MC3R (chromosome 20q13.32, 360 aa) binds all POMC-derived melanocortins - α-MSH, β-MSH, γ-MSH, and ACTH - with high affinity, through the conserved HFRW core tetrapeptide making contact with TM3 (Asp154), TM6, and ECL2. γ-MSH (which has minimal activity at MC1R and MC2R) is the highest-potency endogenous agonist at MC3R (EC₅₀ ~3 nM). Primary signaling: Gs → adenylyl cyclase → cAMP → PKA; some Gq/Ca²⁺ coupling at high receptor density. Endogenous antagonists ASIP and AgRP compete at the orthosteric site; AgRP acts as an inverse agonist (suppresses constitutive activity). MC3R lacks constitutive activity of the level seen at MC4R, which explains why AgRP's inverse agonism at MC3R is quantitatively smaller. In the hypothalamic arcuate nucleus, MC3R is expressed on AgRP/NPY neurons (autoreceptor function) - MC3R activation inhibits AgRP neuron activity, reducing downstream AgRP release and amplifying the net melanocortin tone. Peripheral MC3R in macrophages and monocytes: Gs/cAMP → suppression of NF-κB → reduced TNF-α, IL-6, IL-1β - part of the mechanism underlying Acthar Gel's anti-inflammatory effects.

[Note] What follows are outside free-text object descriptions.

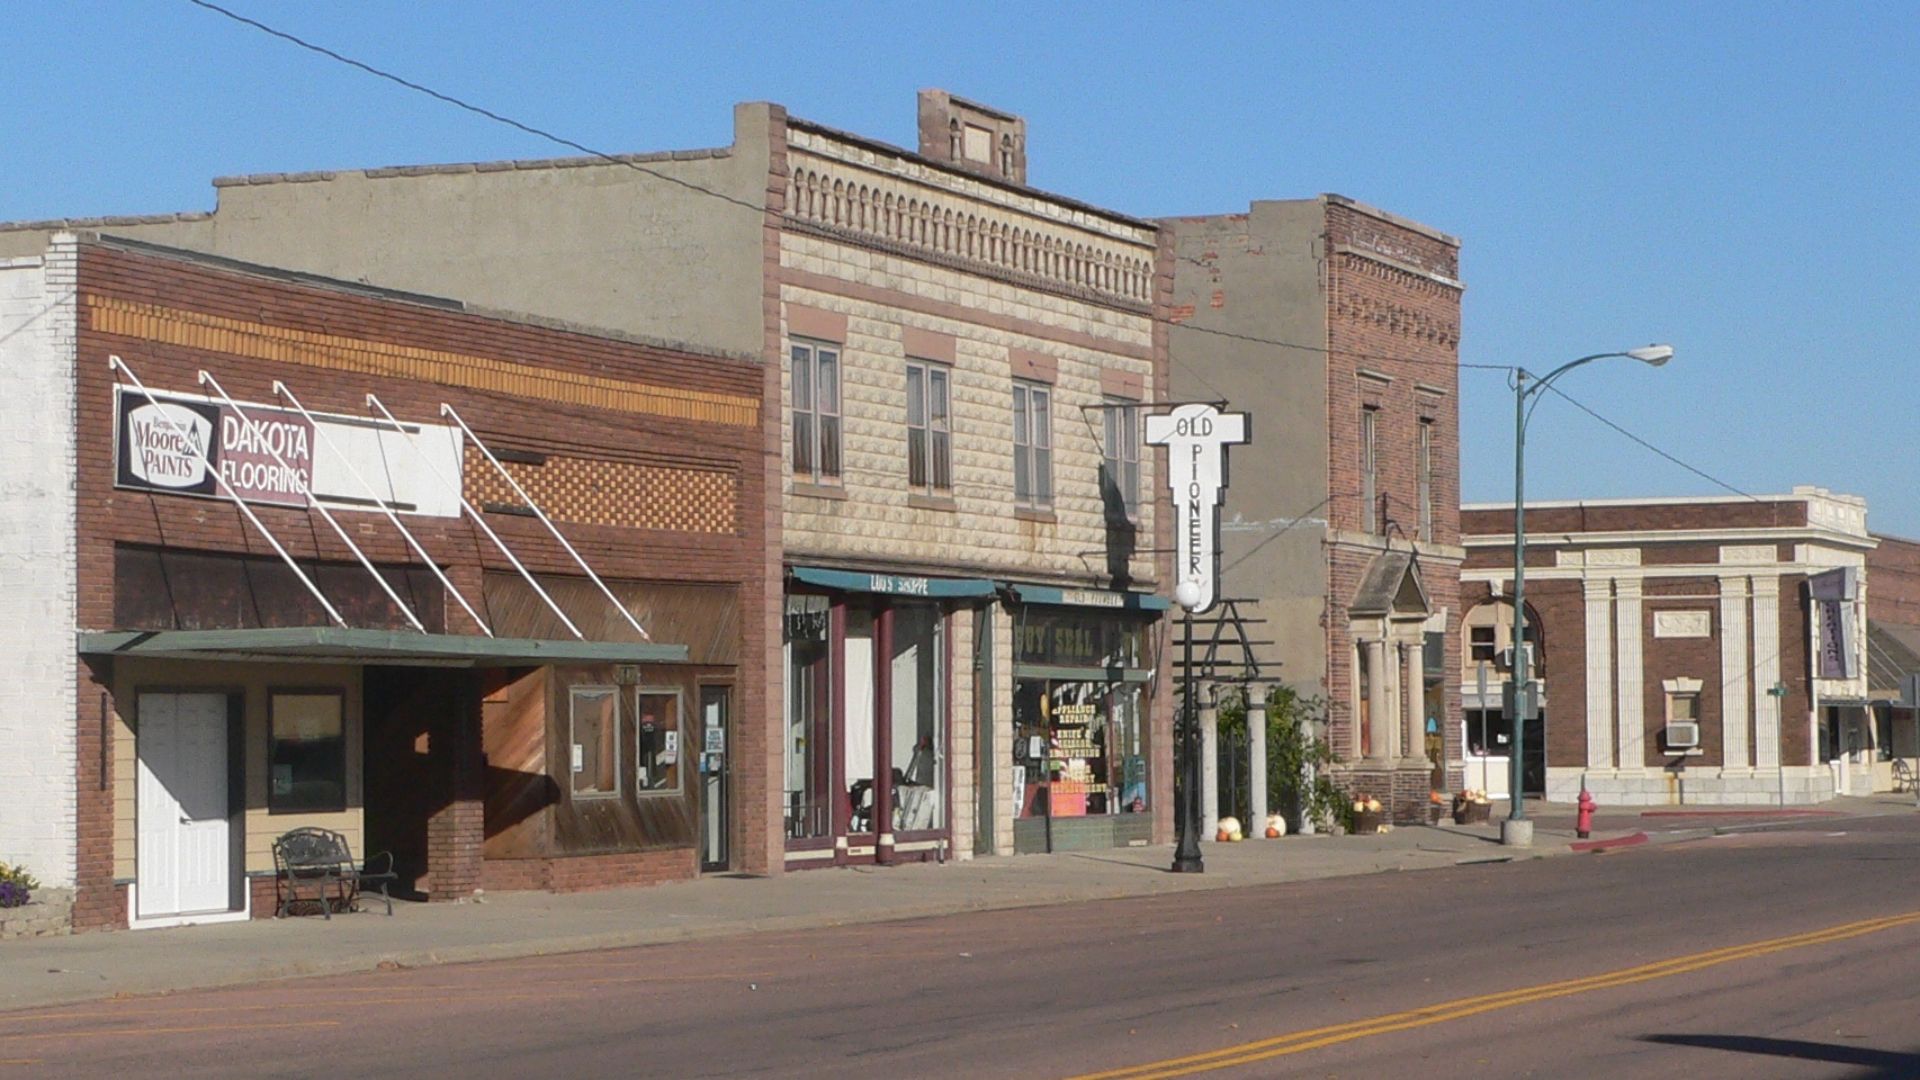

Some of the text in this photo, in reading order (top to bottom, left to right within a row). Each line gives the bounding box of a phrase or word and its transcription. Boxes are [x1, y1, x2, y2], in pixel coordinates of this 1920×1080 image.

[136, 420, 184, 452] Moore
[223, 415, 309, 460] DAKOTA
[1176, 416, 1213, 437] OLD
[144, 449, 193, 478] PAINTS
[221, 459, 309, 495] FLOORING
[1189, 443, 1202, 575] PIONEER
[1055, 628, 1094, 657] SELL

MC3R knockout in rodents: increased fat mass, reduced lean mass, blunted response to caloric restriction, suggesting a role in energy efficiency rather than acute appetite control.

No MC3R-selective agonist or antagonist has reached clinical approval. γ-MSH derivatives and cyclic heptapeptide scaffolds such as MTII (Ac-Nle-cyclo[Asp-His-D-Phe-Arg-Trp-Lys]-NH₂) activate MC3R/MC4R with moderate MC3R preference in selectivity scans, but true MC3R selectivity remains an unsolved challenge because the binding pockets of MC3R and MC4R are highly homologous. For peptide research, the tractable recipes are: γ-MSH(1-12) analogs with backbone N-methylation or D-amino acid substitutions at positions flanking the HFRW core to bias toward MC3R vs MC4R; cyclic MSH scaffolds with selective constraints at ECL2-contact positions that exploit the few residues distinguishing the MC3R and MC4R binding pockets; and MC3R agonist peptides conjugated to central nervous system delivery vectors (cell-penetrating peptide fusions, intranasal formulations) for hypothalamic autoreceptor modulation in metabolic syndrome research.